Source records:
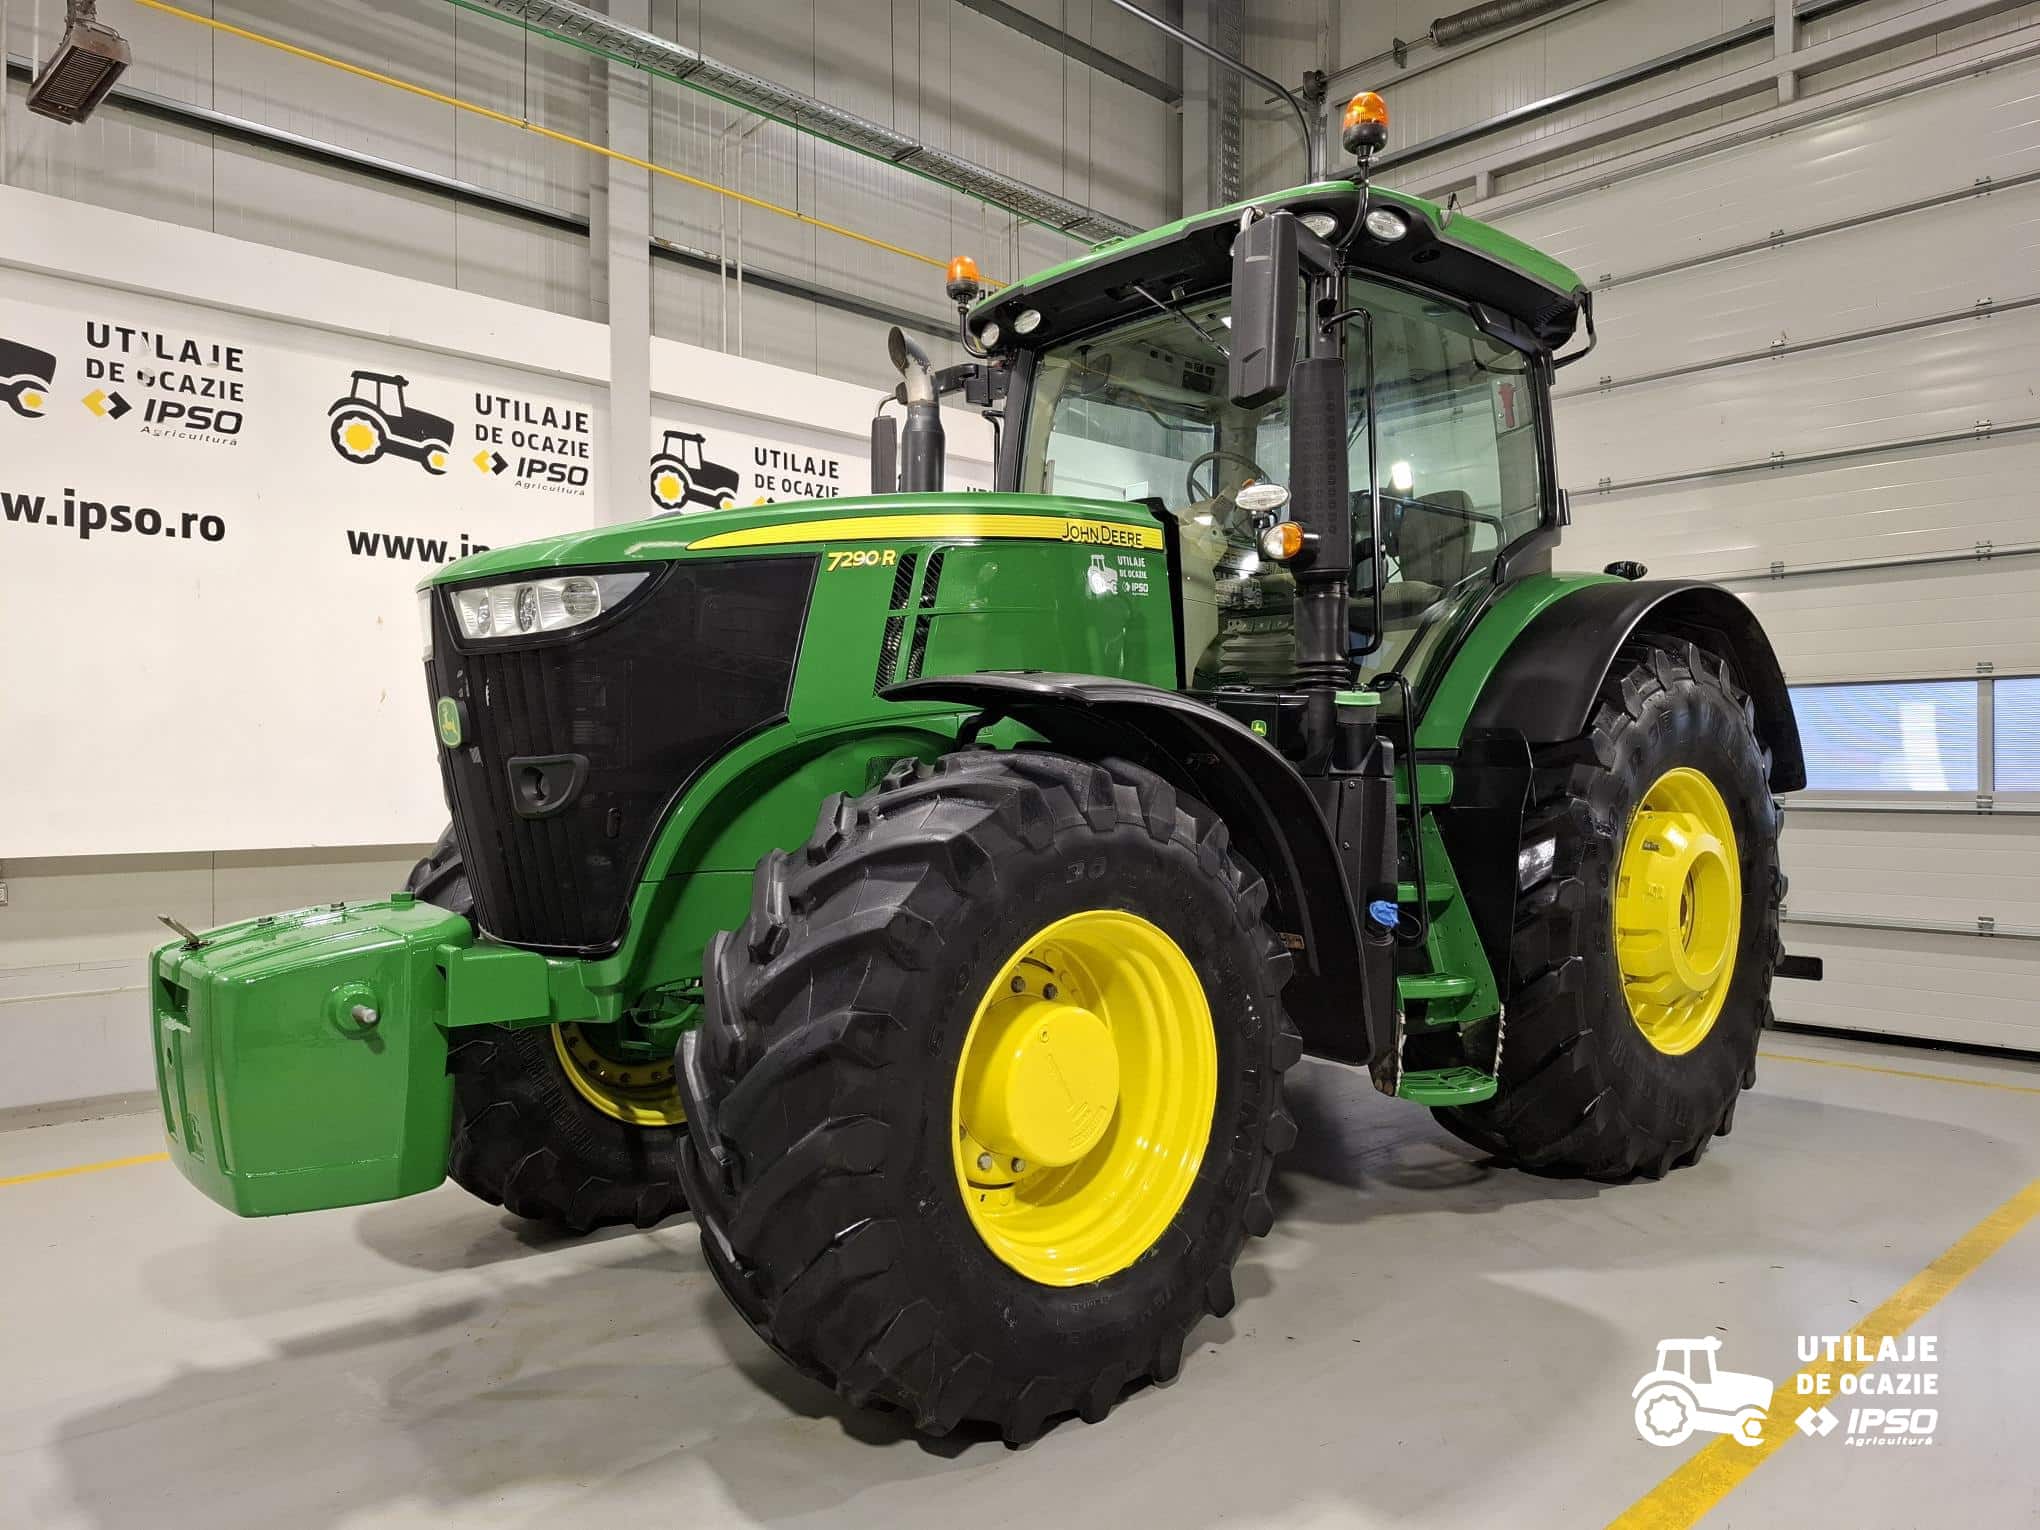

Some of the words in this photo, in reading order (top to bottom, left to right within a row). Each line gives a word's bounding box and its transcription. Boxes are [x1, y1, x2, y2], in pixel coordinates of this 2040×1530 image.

[86, 358, 125, 383] DE
[144, 399, 243, 435] IPSO
[475, 393, 589, 434] UTILAJE
[475, 424, 503, 444] DE
[511, 430, 590, 459] OCAZIE
[516, 457, 588, 486] IPSO
[755, 447, 839, 479] UTILAJE
[755, 474, 775, 490] DE
[782, 478, 839, 499] OCAZIE
[1131, 582, 1149, 593] IPSO
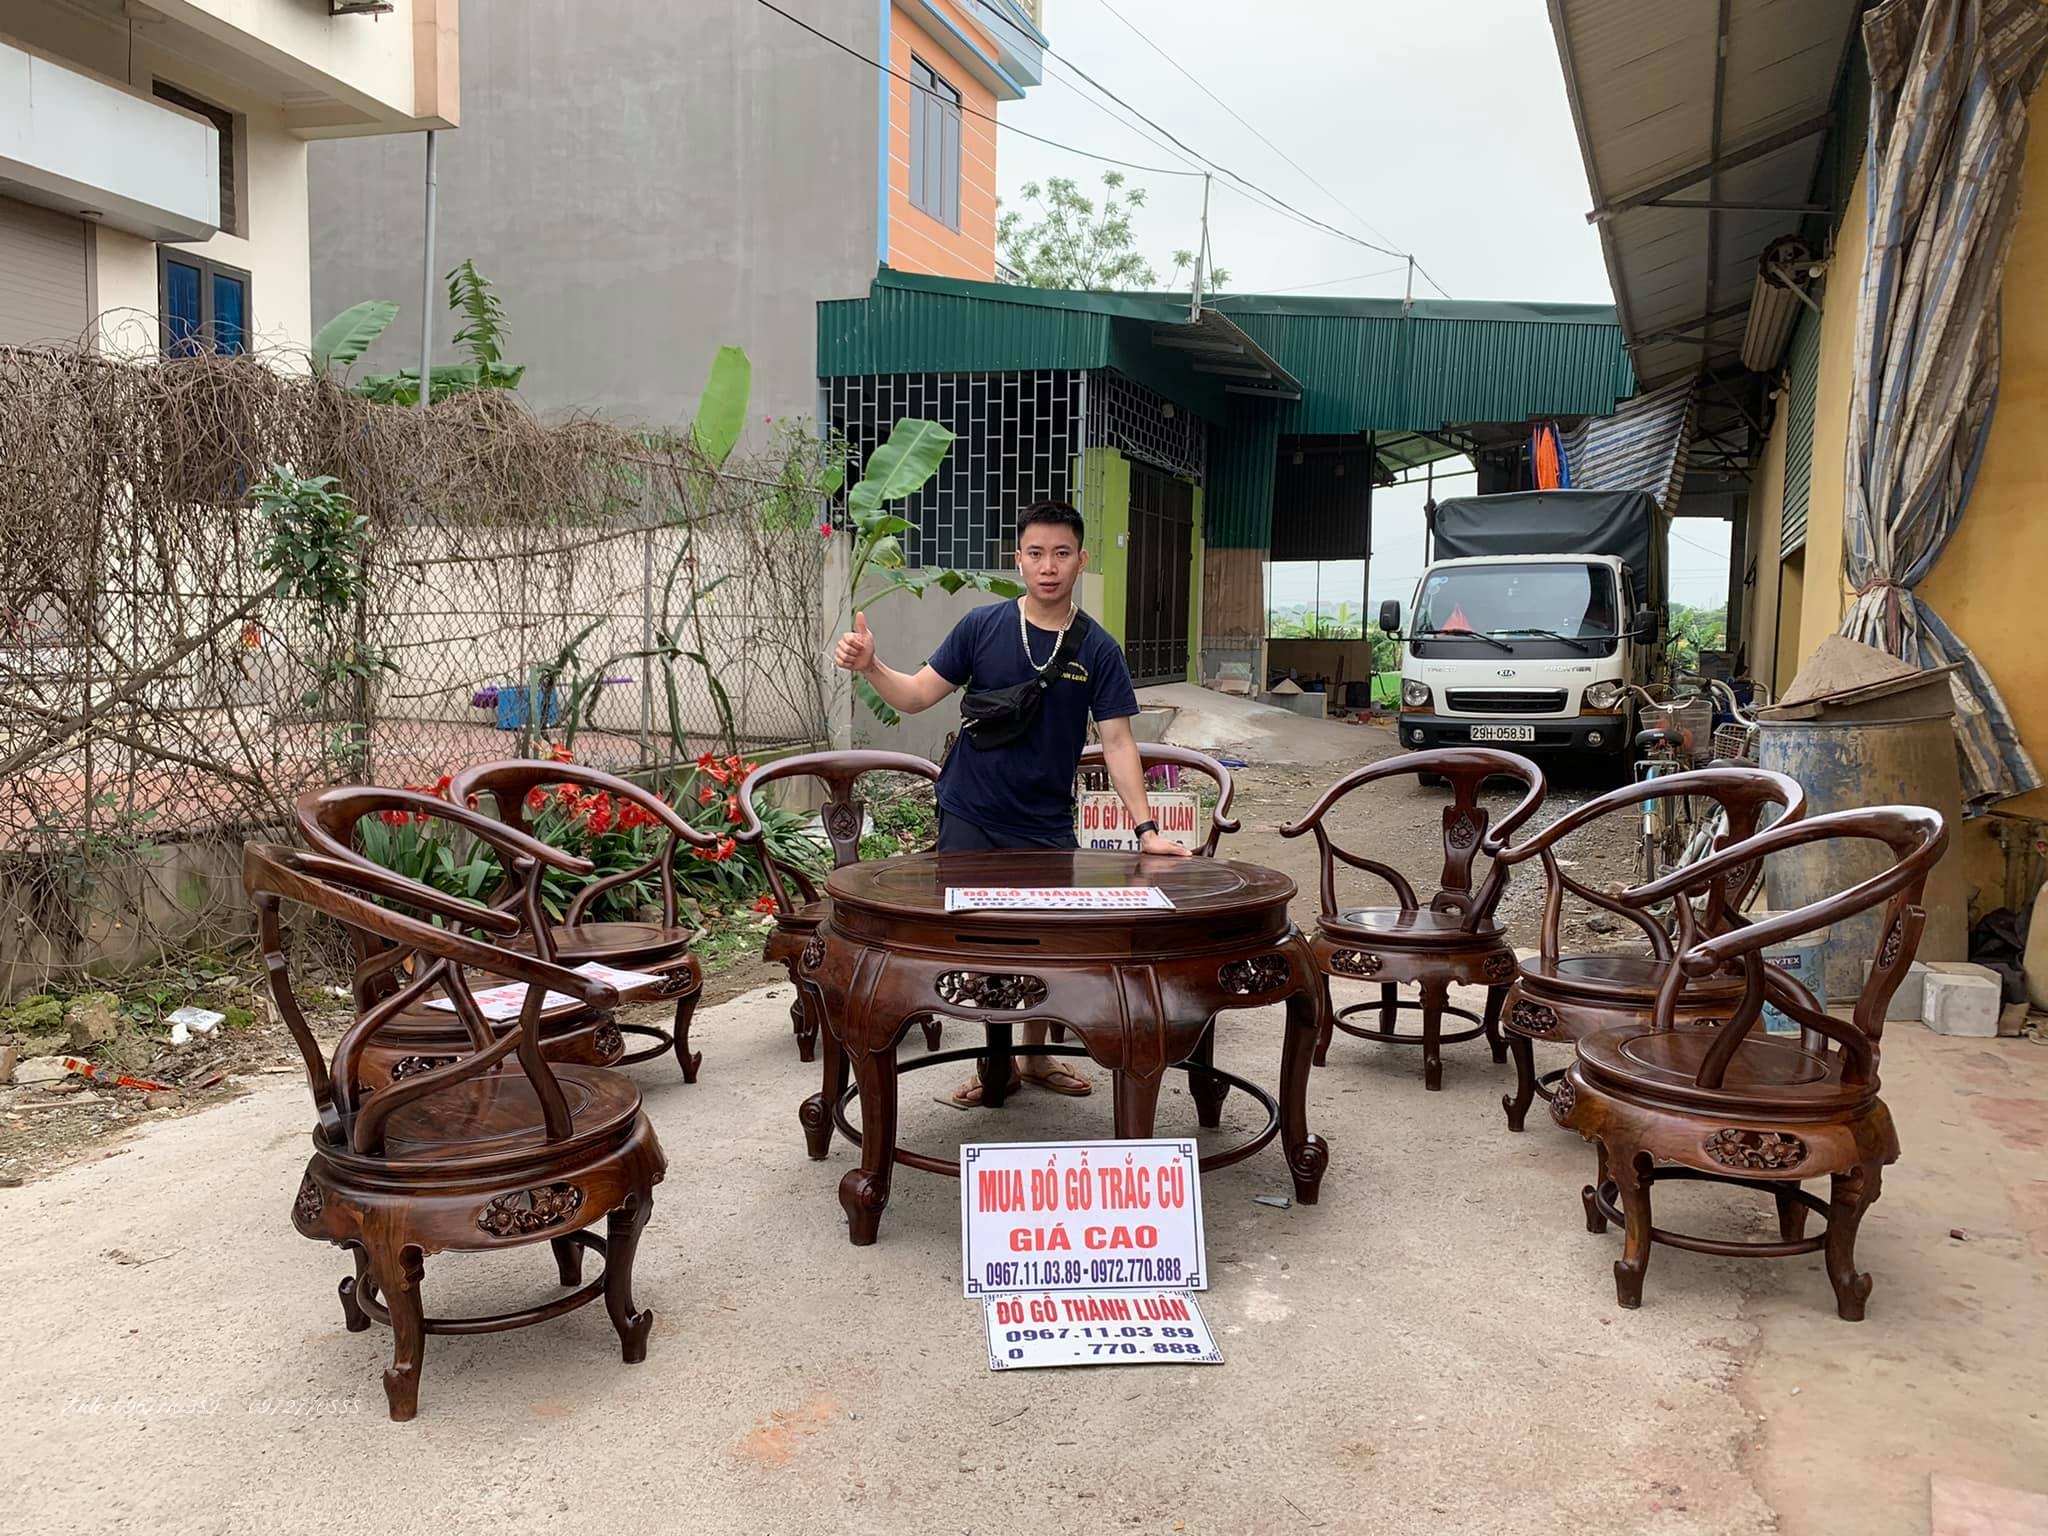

◆ Task statement ◆
Could you set down every entry again exactly as written, leaving out any pictures?

◆ Task solution ◆
Some of the words in this photo, in reading order (top to bottom, left to right within a row). Each line gives a word's bounding box and its transcription. Boxes are [x1, y1, x2, y2], in pixel coordinates of this 2040×1530 image.

[86, 358, 125, 383] DE
[144, 399, 243, 435] IPSO
[475, 393, 589, 434] UTILAJE
[475, 424, 503, 444] DE
[511, 430, 590, 459] OCAZIE
[516, 457, 588, 486] IPSO
[755, 447, 839, 479] UTILAJE
[755, 474, 775, 490] DE
[782, 478, 839, 499] OCAZIE
[1131, 582, 1149, 593] IPSO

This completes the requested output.